**Directions**
Leaving out the pictures, print exactly the lines from the one holding "this 1270×1693 image." to the last line of the entries below, both included, and nothing more.

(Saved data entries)
○ ○ ○ ○
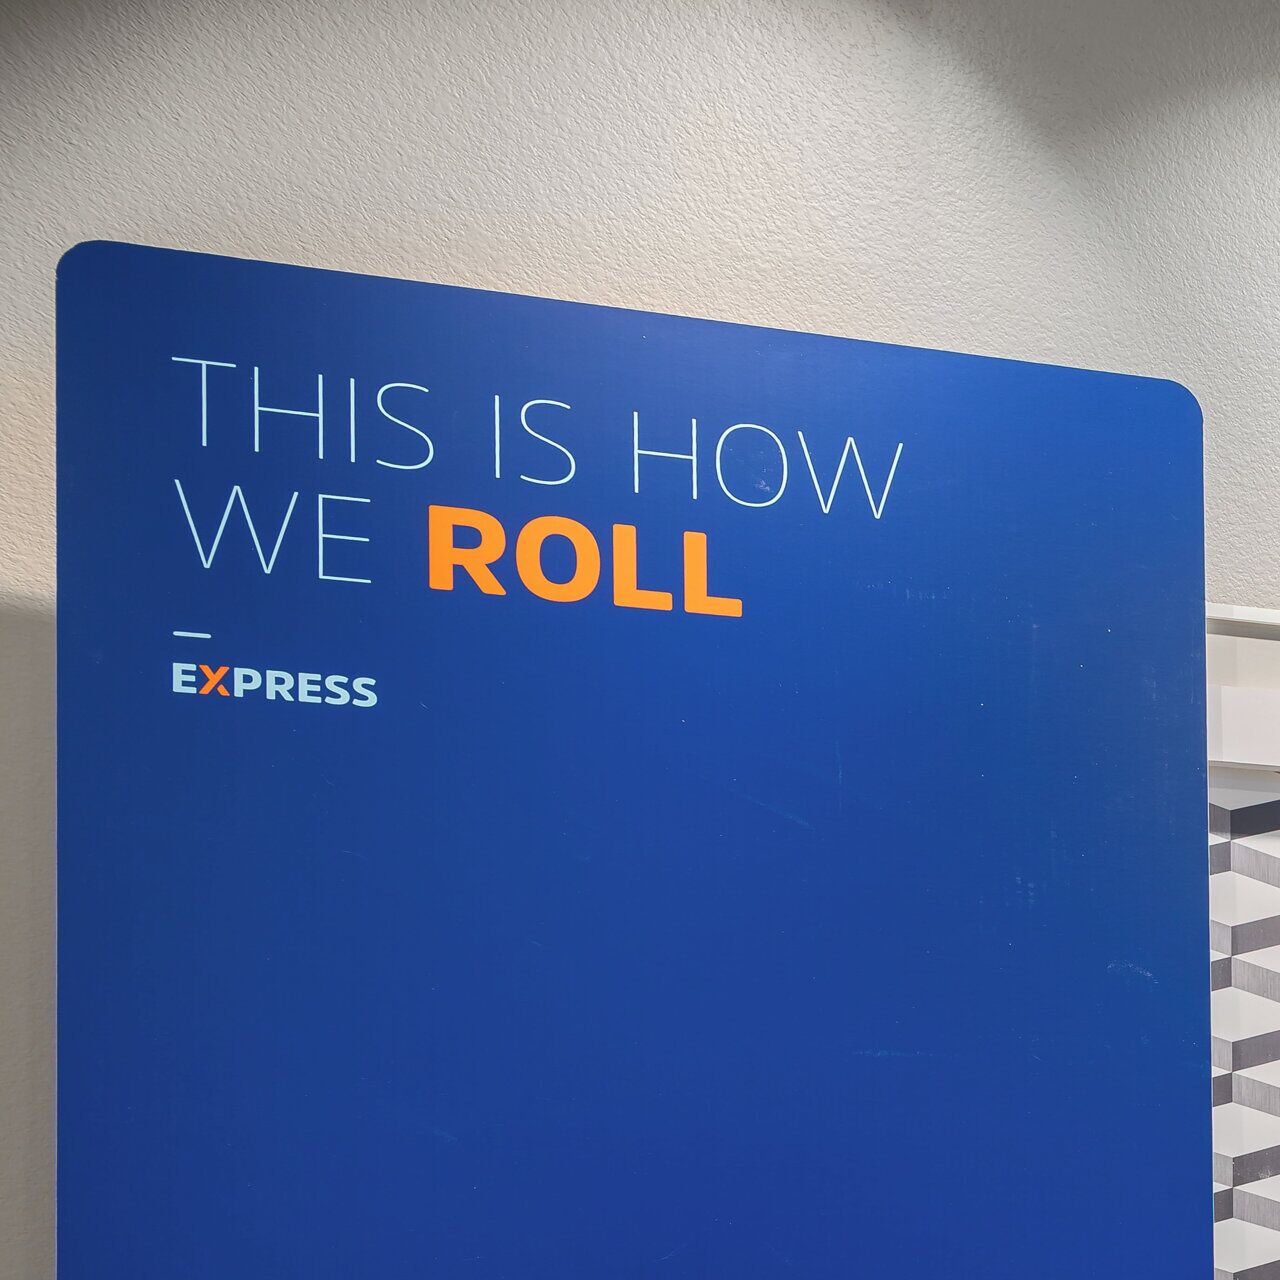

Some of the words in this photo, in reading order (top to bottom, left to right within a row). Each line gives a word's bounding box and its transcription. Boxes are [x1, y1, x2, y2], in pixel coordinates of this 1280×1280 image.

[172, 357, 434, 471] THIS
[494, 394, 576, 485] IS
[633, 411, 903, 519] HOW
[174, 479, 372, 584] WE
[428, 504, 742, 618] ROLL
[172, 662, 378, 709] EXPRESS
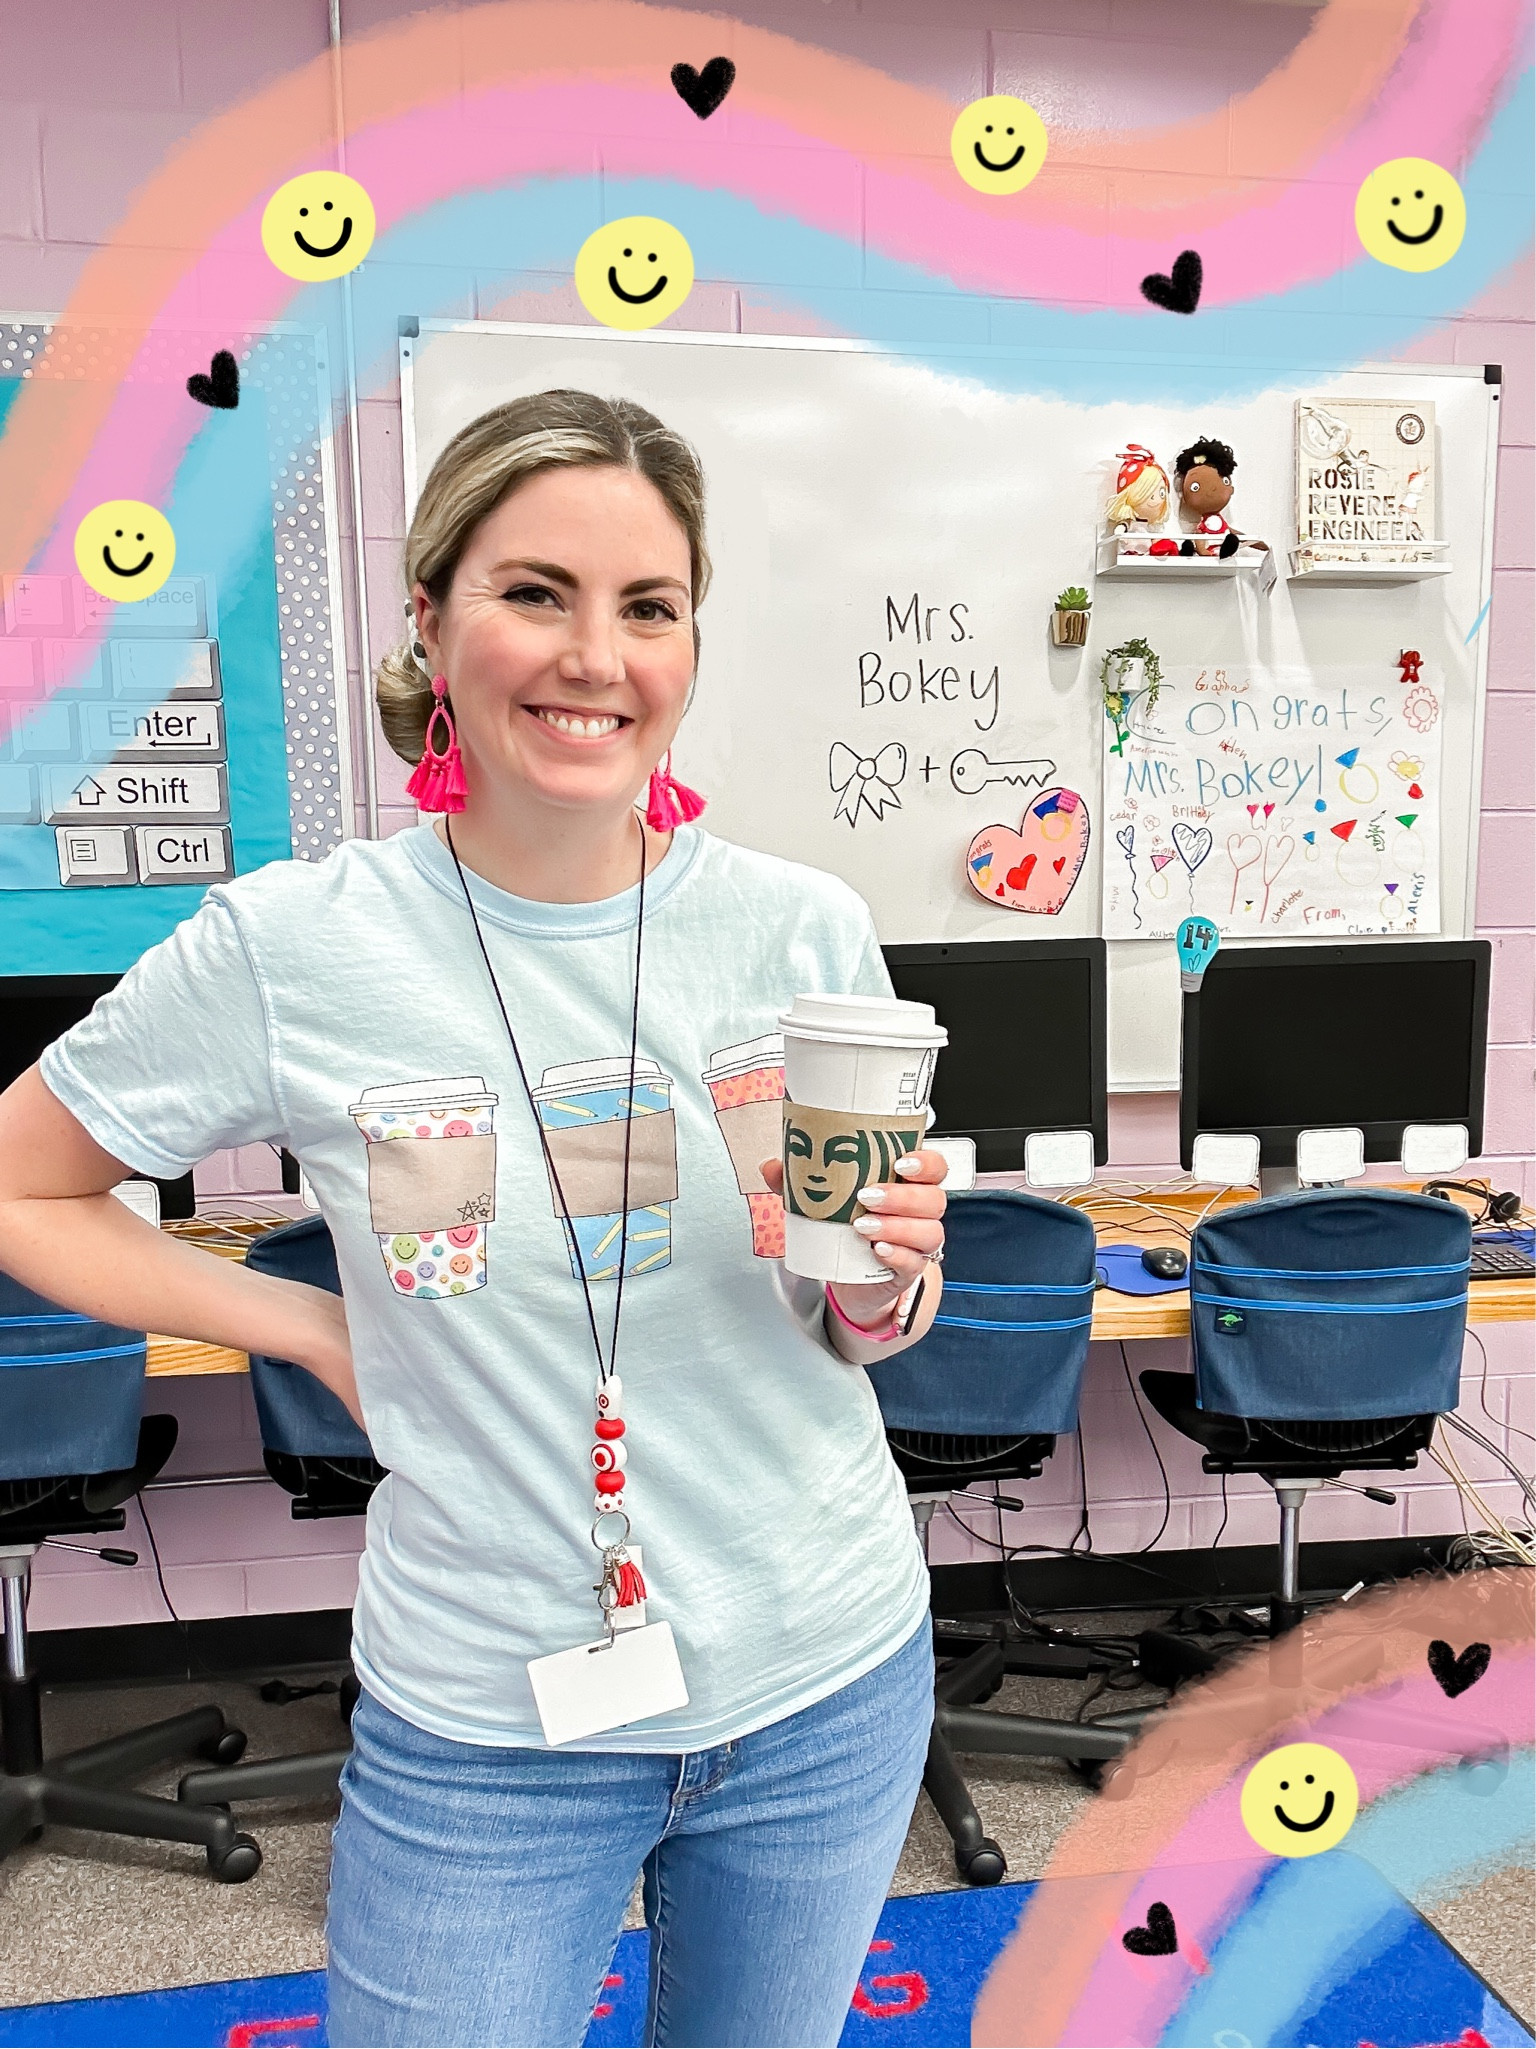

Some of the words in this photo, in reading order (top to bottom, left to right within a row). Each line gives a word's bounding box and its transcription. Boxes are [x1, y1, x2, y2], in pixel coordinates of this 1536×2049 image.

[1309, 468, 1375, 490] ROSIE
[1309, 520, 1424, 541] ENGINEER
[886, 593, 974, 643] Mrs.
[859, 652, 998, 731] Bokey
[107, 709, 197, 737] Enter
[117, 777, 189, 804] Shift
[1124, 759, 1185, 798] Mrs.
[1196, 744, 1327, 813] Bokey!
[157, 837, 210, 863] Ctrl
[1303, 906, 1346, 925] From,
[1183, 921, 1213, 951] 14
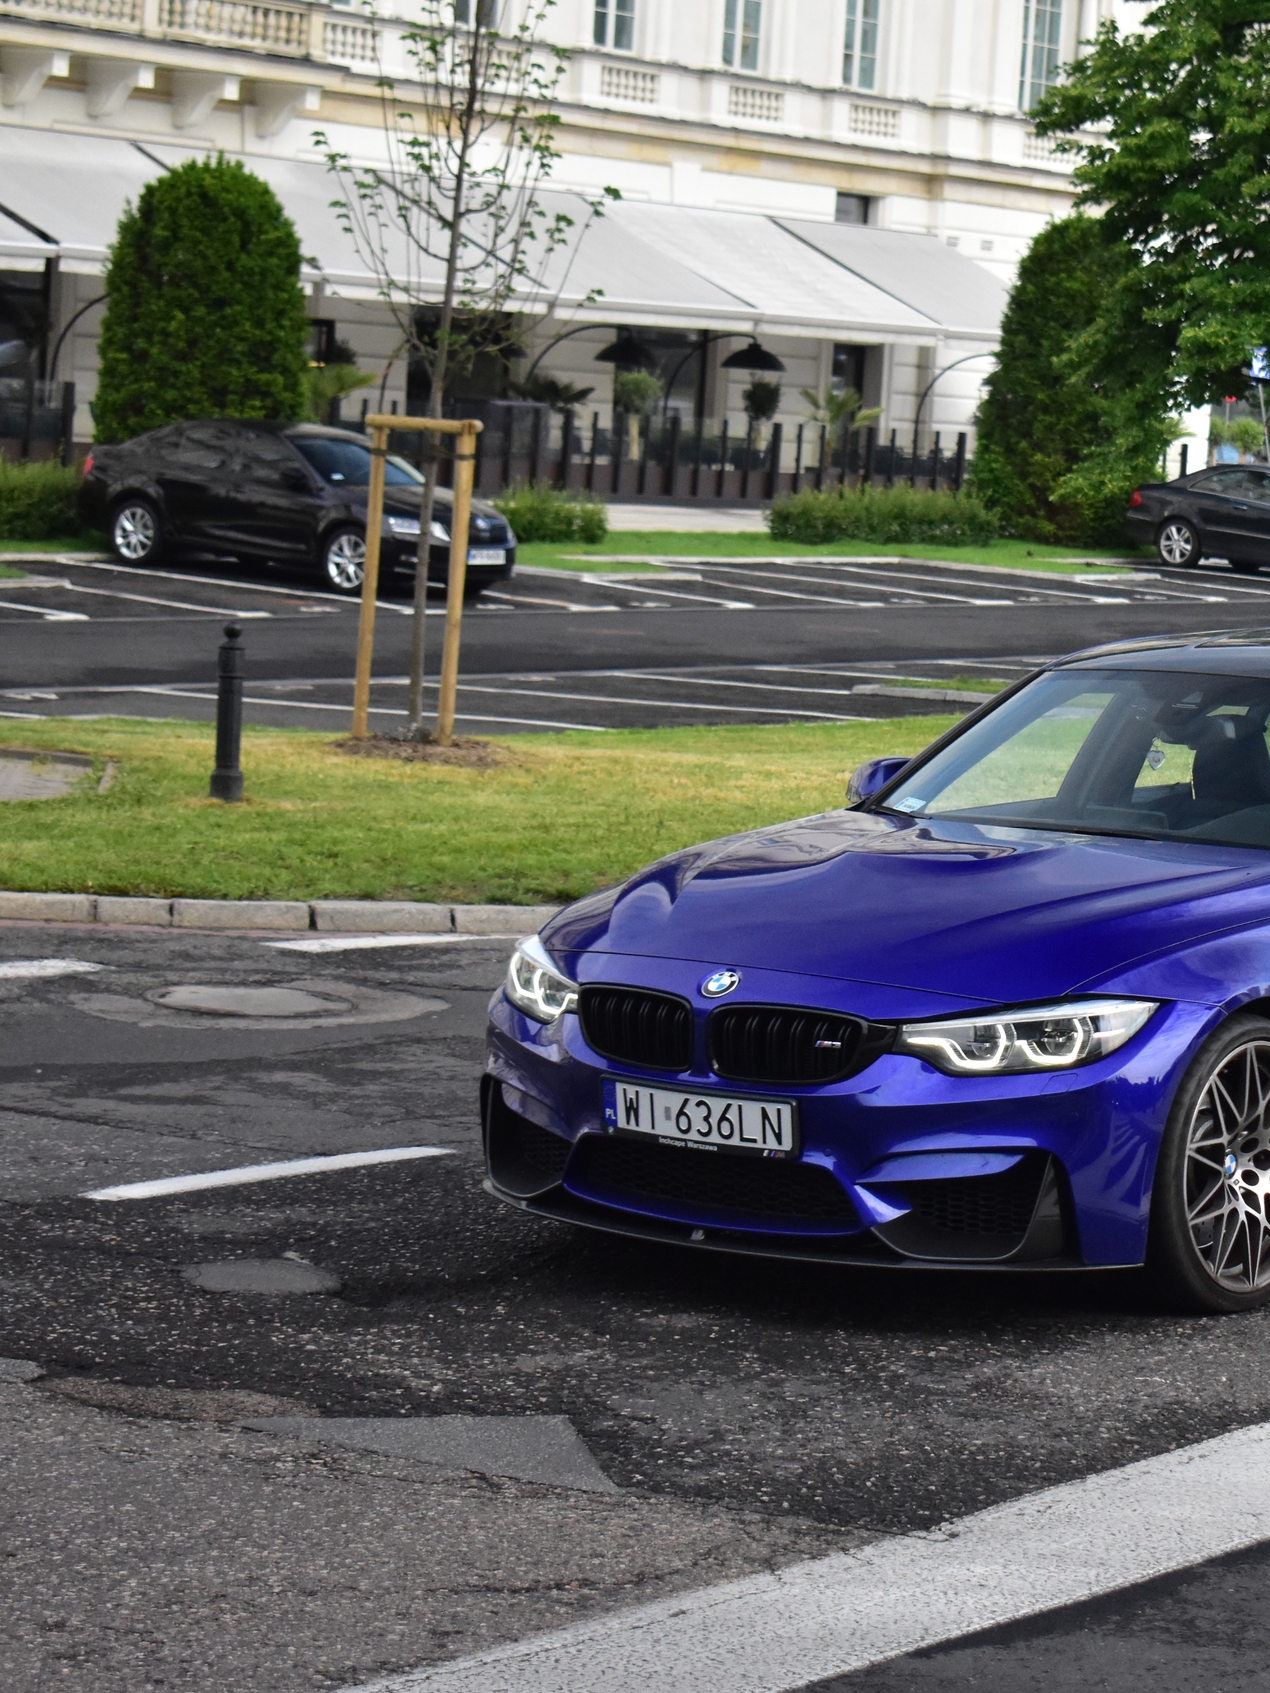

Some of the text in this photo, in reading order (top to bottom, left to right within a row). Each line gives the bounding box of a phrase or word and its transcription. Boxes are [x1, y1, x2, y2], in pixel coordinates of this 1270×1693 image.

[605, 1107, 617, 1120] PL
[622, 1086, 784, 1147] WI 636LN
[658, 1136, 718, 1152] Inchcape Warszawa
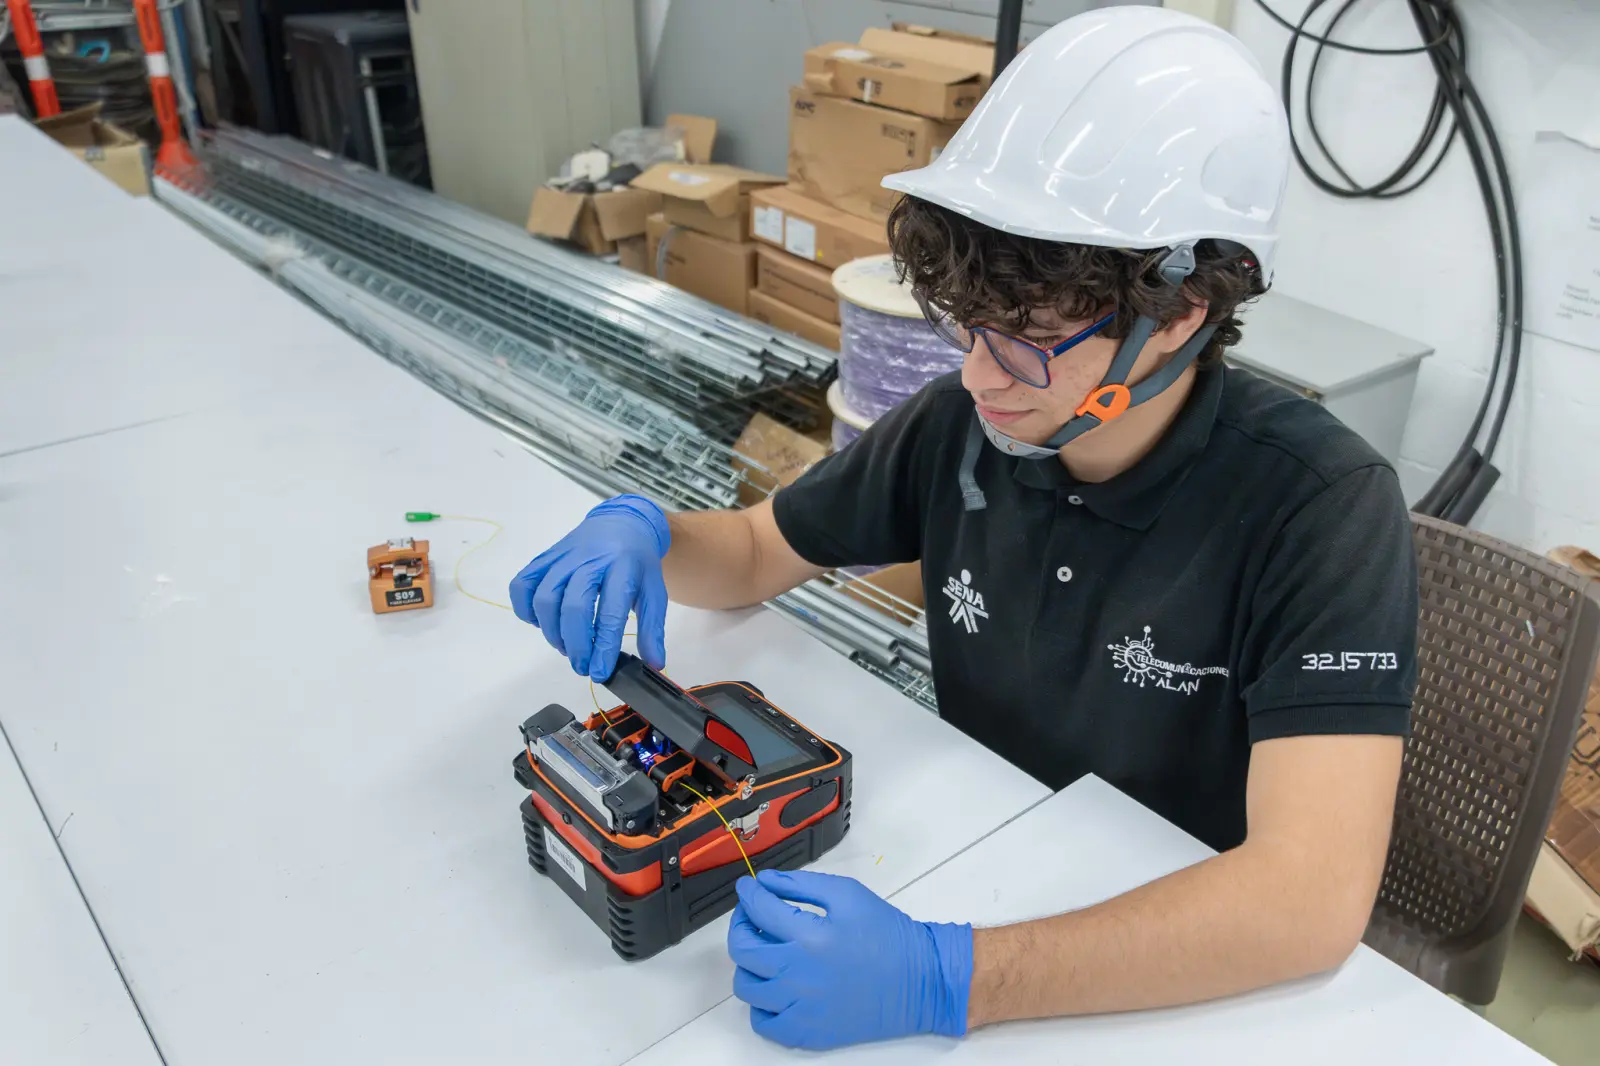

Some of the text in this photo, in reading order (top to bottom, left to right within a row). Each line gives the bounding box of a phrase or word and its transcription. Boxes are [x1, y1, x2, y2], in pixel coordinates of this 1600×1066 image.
○ ○ ○ ○
**Your solution**
Some of the text in this photo, in reading order (top to bottom, left to right within a row). Each line gives the bounding box of a phrase or word and its transcription. Boxes are [x1, y1, x2, y2], in pixel coordinates of this 1270×1693 image.

[605, 1107, 617, 1120] PL
[622, 1086, 784, 1147] WI 636LN
[658, 1136, 718, 1152] Inchcape Warszawa

Some of the text in this photo, in reading order (top to bottom, left to right within a row). Each line gives the bounding box of a phrase or word and its transcription. Boxes are [x1, y1, x2, y2], in pixel coordinates of this 1600×1066 image.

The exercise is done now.